Mécanismes post-récepteurs Flashcards
Examen final
Que fait un récepteur? (3)
- Lier une molécule de signalisation (ex : ligand)
- Initier la transduction du signal cellulaire
- Produire une réponse biologique précise
Que fait une protéine effectrice activée?
Produit un second messager (AMPc, Ca++) et/ou initier une cascade de phosphorylation/déphosphorylation de protéines.
Nommez 5 premiers messagers ligands.
- Contact dépendants
- Paracrines
- Synaptiques
- Endocrine
- Médicaments
Quelles sont les grandes étapes du mécanisme de transduction de signaux des récepteurs?
- Premiers messagers
- Récepteurs
- Seconds messagers
- Protéines kinases
- Effecteurs
- Réponse biologique
Nommez 3 fonctions vitales où l’acétylcholine intervient.
- Régulation du rythme cardiaque (cellules musculaires cardiaques)
- Sécrétion de salive (glandes salivaires)
- Contraction de muscles (cellules musculaires squelettiques)
Que ce passe-t-il lors de la transmission intracellulaire du signal? (2)
- Seconds messagers (AMPc, Ca++, IP3, etc.)
- Cascade de signalisation (phosphatase, kinases, petites protéines G, etc.)
Quels sont les 3 acides aminés phosphorylés sur les protéines?
Sérine, thréonine, tyrosine.
À quel moment les protéines liant le GTP sont-elles activent et inactivent?
Actives : Lorsque liées au GTP
Inactives : Lorsque liées au GDP
Nommez 2 utilités des protéines d’échafaudage.
- Augmente la spécificité d’interaction en recrutant au même endroit dans la cellule
- La proximité créée permet une activation séquentielle efficace, rapide et sélective.
Dans le recrutement des protéines de signalisation aux phospholipides, par quoi sont enrichis les domaines FYVE/PX et PH?
FYVE/PX : Enrichie au endosome
PH : Enrichie à la membrane plasmique
Comment arrêter la transmission intracellulaire du signal (5 façons)?
- Séquestration du récepteur (dans un endosome)
- Dégradation du récepteur (dans un lysosome)
- Inactivation du récepteur
- Inactivation de la protéine signal
- Production d’une protéine inhibitrice
Quelles sont les 4 superfamilles de récepteurs?
- RCPG
- Canaux ioniques
- Récepteurs à activité enzymatique
- Récepteurs nucléaires
Quel est le premier messager des RCPG?
Les ligands (photons, odorants, Ca++, hormones, lipides, petites molécules, protéines)
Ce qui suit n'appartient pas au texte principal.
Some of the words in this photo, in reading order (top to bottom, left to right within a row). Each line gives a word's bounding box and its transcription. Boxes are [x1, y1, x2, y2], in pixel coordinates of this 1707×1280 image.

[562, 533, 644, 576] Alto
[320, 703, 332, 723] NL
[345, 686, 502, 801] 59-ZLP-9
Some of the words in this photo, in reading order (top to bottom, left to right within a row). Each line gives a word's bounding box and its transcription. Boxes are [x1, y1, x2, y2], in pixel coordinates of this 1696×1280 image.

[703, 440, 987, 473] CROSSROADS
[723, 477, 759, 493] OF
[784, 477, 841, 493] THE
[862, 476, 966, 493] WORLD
Décrire la structure des RCPG.
- 7 domaines transmembranaires
- 3 boucles extracellulaires
- 3 boucles intracellulaires
- 1 région N-terminale extracellulaire
- 1 région C-terminale intracellulaire
Quelles sont les 3 grandes classes de RCPG?
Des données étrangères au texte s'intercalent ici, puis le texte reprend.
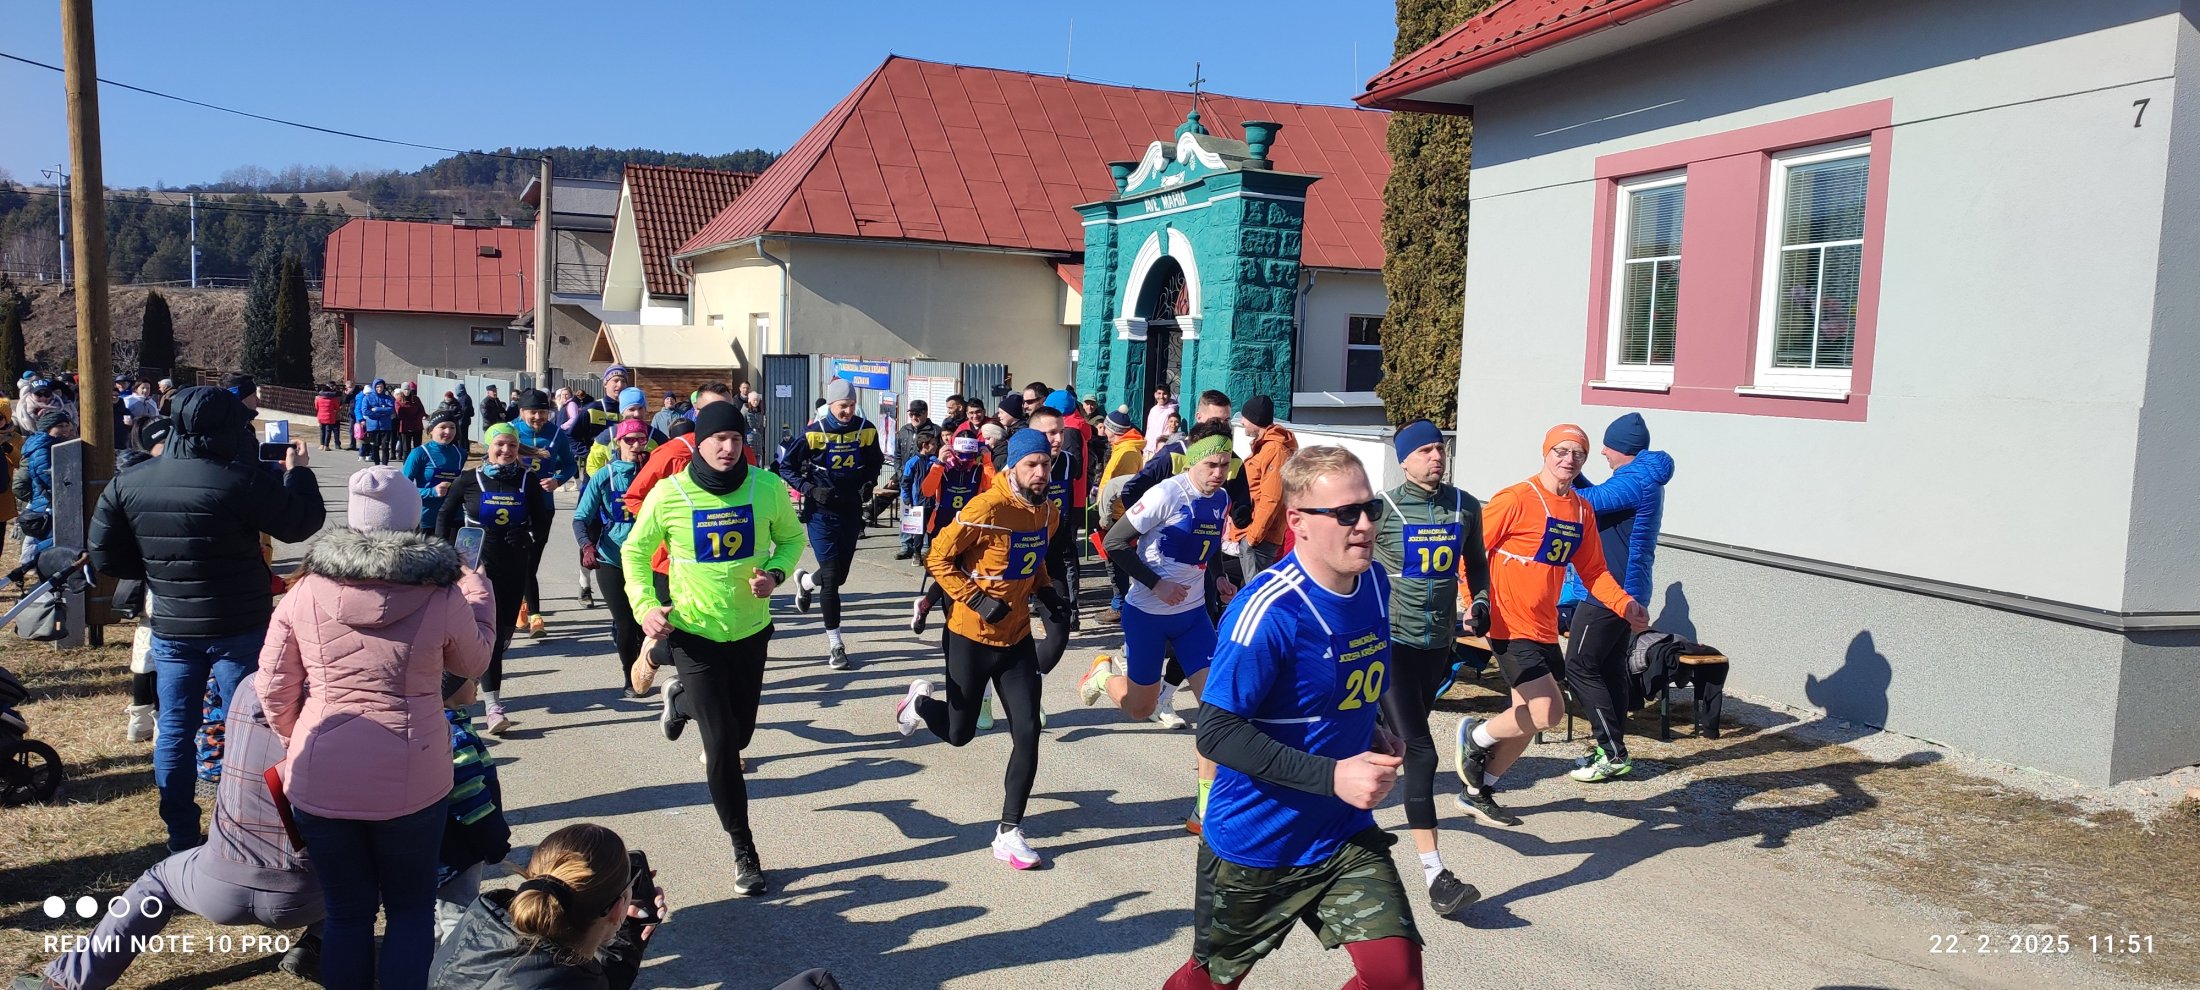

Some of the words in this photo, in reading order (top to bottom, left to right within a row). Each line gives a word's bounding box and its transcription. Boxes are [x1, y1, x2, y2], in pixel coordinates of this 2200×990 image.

[2133, 98, 2151, 128] 7
[1161, 190, 1188, 210] MARIA
[831, 454, 856, 470] 24
[952, 495, 964, 509] 8
[494, 507, 510, 526] 3
[696, 520, 718, 528] JOZEFA
[706, 510, 739, 520] MEMORIÁL
[1417, 527, 1449, 535] MEMORIÁL
[707, 530, 743, 558] 19
[1198, 540, 1211, 561] 1
[1546, 538, 1572, 563] 31
[1020, 551, 1037, 575] 2
[1417, 545, 1454, 574] 10
[1338, 660, 1385, 711] 20
1A : Lient le RCPG et l’active, petits ligands lient les hélices intra
1B : Ligands lient l’extrémité NH2
1C : Le ligand n’entre pas au niveau des boucles membranaires. Lient seulement les domaines extracellulaires.
Que font les protéines G hétérotrimériques?
Transmission du signal
Décrire la cascade de signalisation de Gαs et Gαi.
Adenylate cyclase, cAMP, PKA’ CREB
Décrire la cascade de signalisation de Gαq.
Phospholipase C, IP3 / DAG, Ca++ / PKC
Décrire la cascade de signalisation de Gα12/13.
Rho GEF, ThoA, ROCK
Que font les phosphodiestérases?
Enzymes qui dégradent les liens phosphodiesters, donc elles métabolisent les seconds messagers (AMP, GMP cyclique) pour limiter leur durée d’action.
Comment le PKA active-t-il l’expression de gènes?
- PKA phosphoryle CREB
- Phospho-CREB recrute le co-activateur transcriptionnel CBP
- Stimule la transcription de gènes
Quelles sont deux particularités de la voie de signalisation Gαq?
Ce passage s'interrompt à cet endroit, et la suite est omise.